** Supplied information follows **
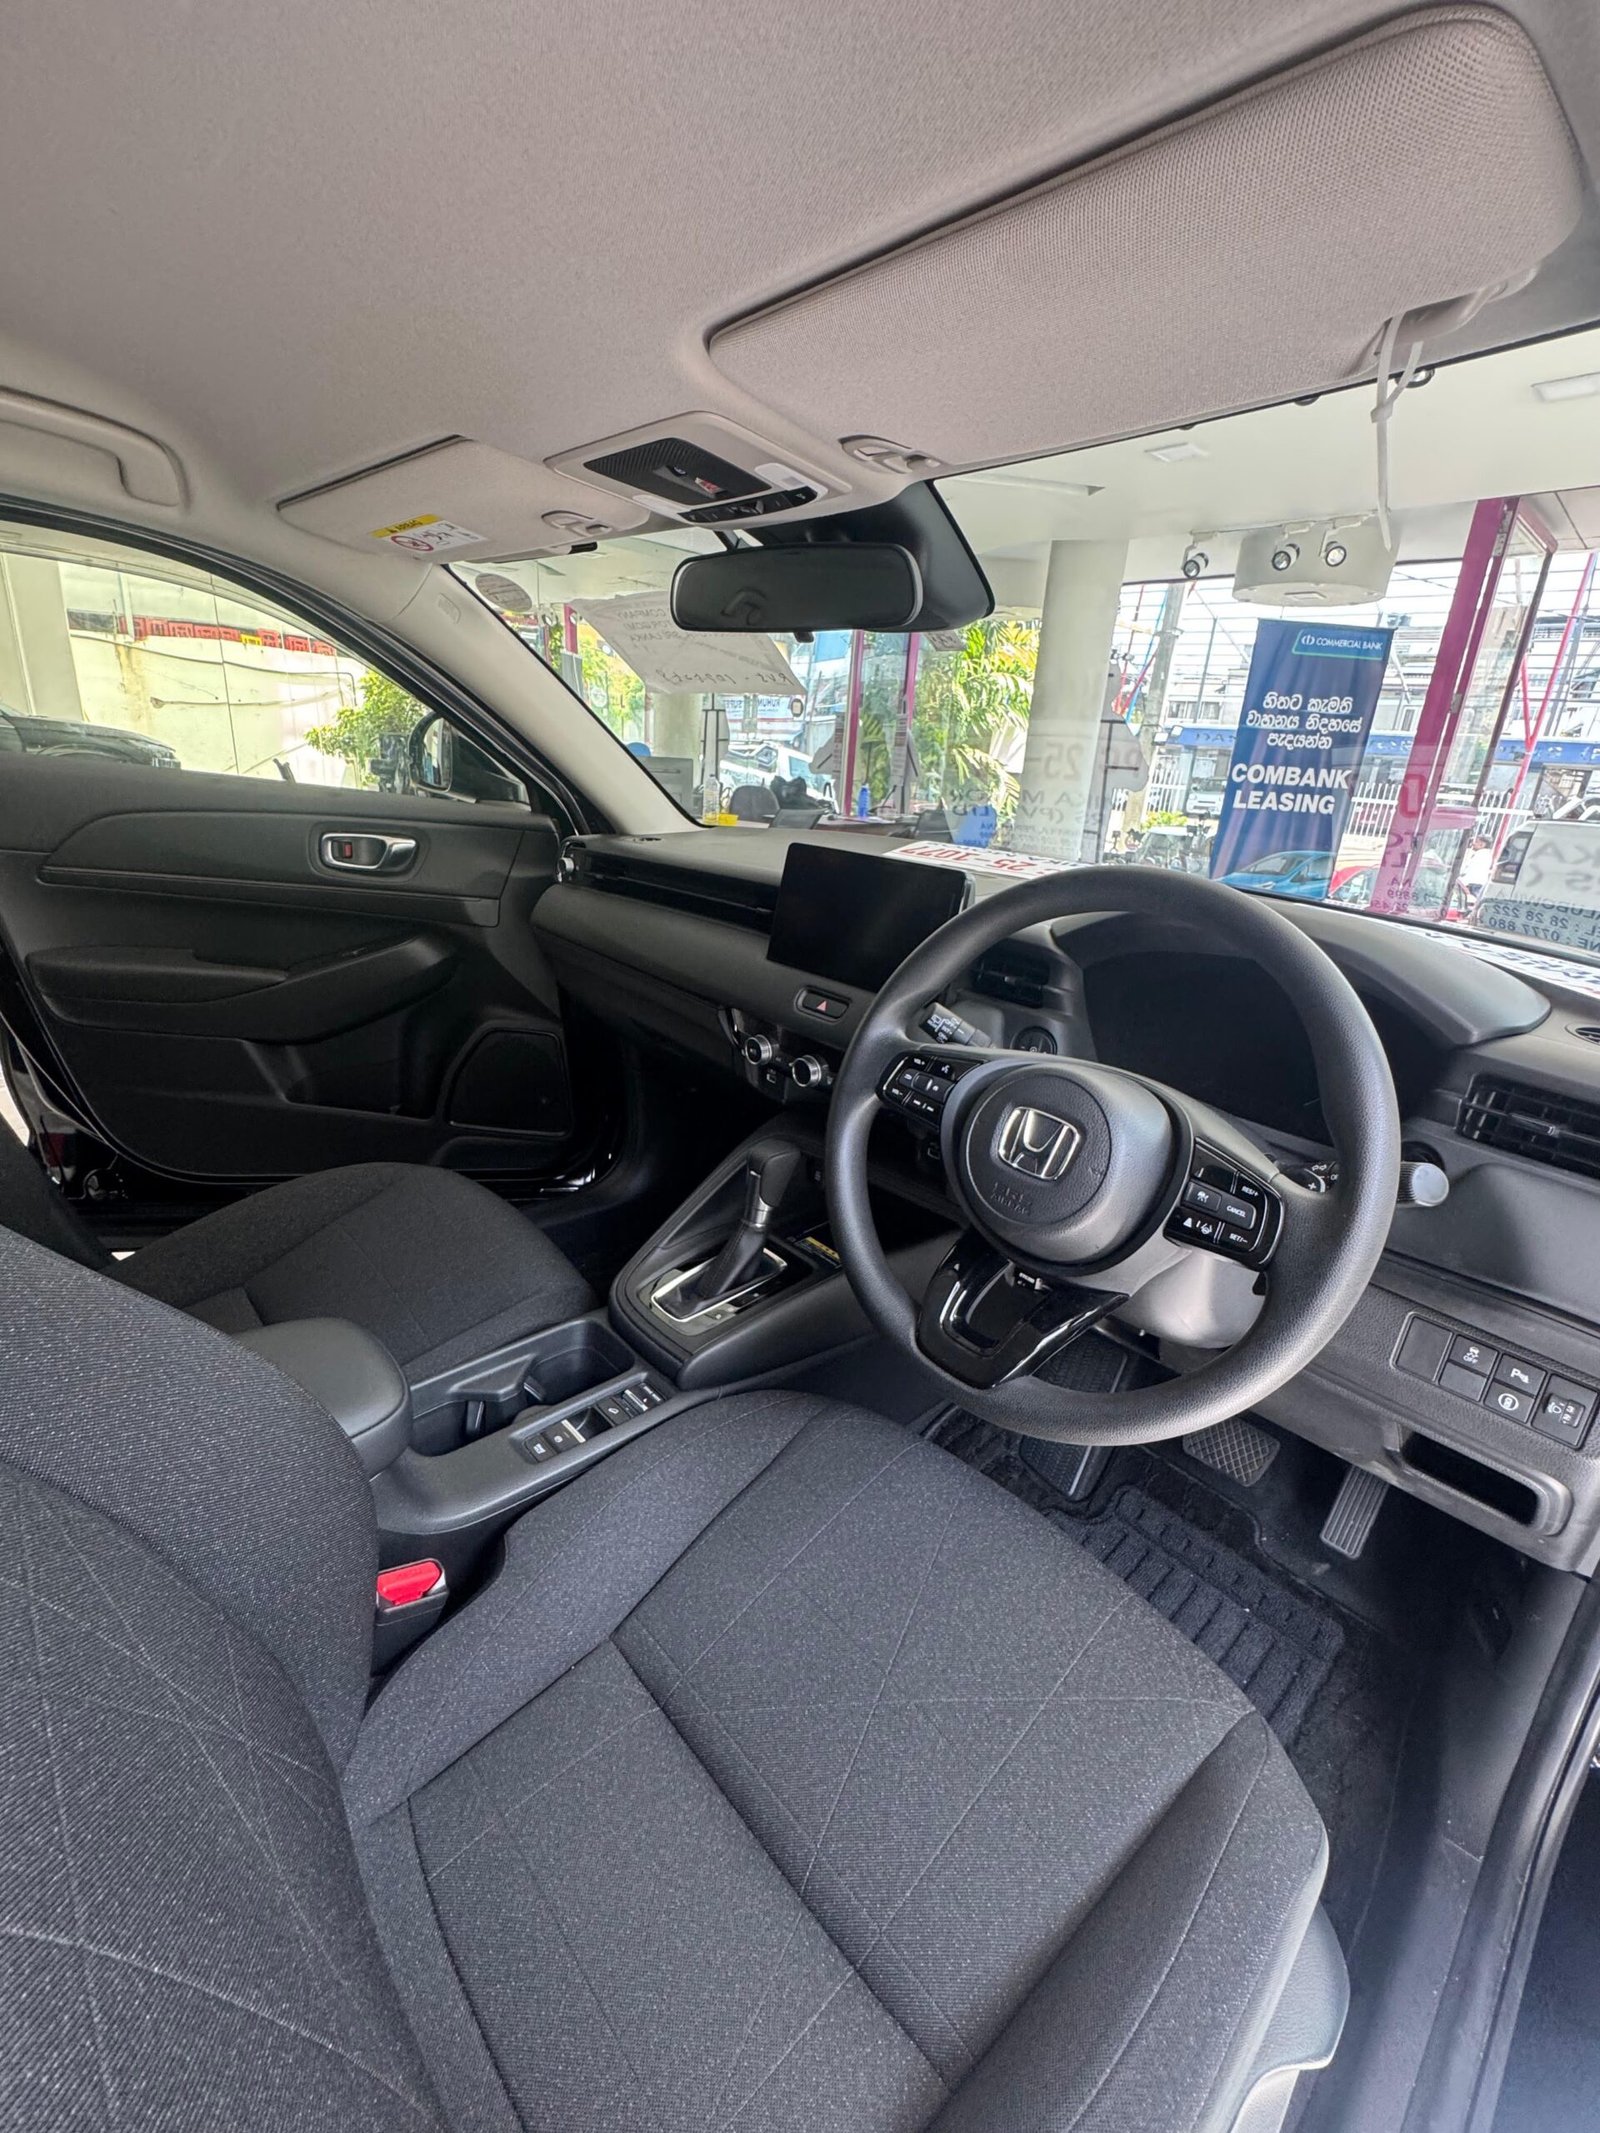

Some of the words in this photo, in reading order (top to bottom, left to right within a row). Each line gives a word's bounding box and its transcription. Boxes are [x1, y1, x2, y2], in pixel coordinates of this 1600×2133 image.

[1315, 637, 1361, 649] COMMERCIAL
[1362, 641, 1384, 650] BANK
[1263, 691, 1303, 710] හිතට
[1307, 696, 1353, 714] කැමති
[1246, 710, 1300, 729] වාහනය
[1305, 713, 1363, 734] නිදහසේ
[1267, 732, 1332, 751] පැදයන්න
[1231, 763, 1352, 789] COMBANK
[1232, 790, 1336, 814] LEASING
[1226, 1205, 1247, 1218] CANCEL
** End of Supplied information **
* _What the task asks_
Give back the material word for word, leaving out its pictures.

* _Exercise result_
Some of the words in this photo, in reading order (top to bottom, left to right within a row). Each line gives a word's bounding box and its transcription. Boxes are [x1, y1, x2, y2], in pixel coordinates of this 1600×2133 image.

[1315, 637, 1361, 649] COMMERCIAL
[1362, 641, 1384, 650] BANK
[1263, 691, 1303, 710] හිතට
[1307, 696, 1353, 714] කැමති
[1246, 710, 1300, 729] වාහනය
[1305, 713, 1363, 734] නිදහසේ
[1267, 732, 1332, 751] පැදයන්න
[1231, 763, 1352, 789] COMBANK
[1232, 790, 1336, 814] LEASING
[1226, 1205, 1247, 1218] CANCEL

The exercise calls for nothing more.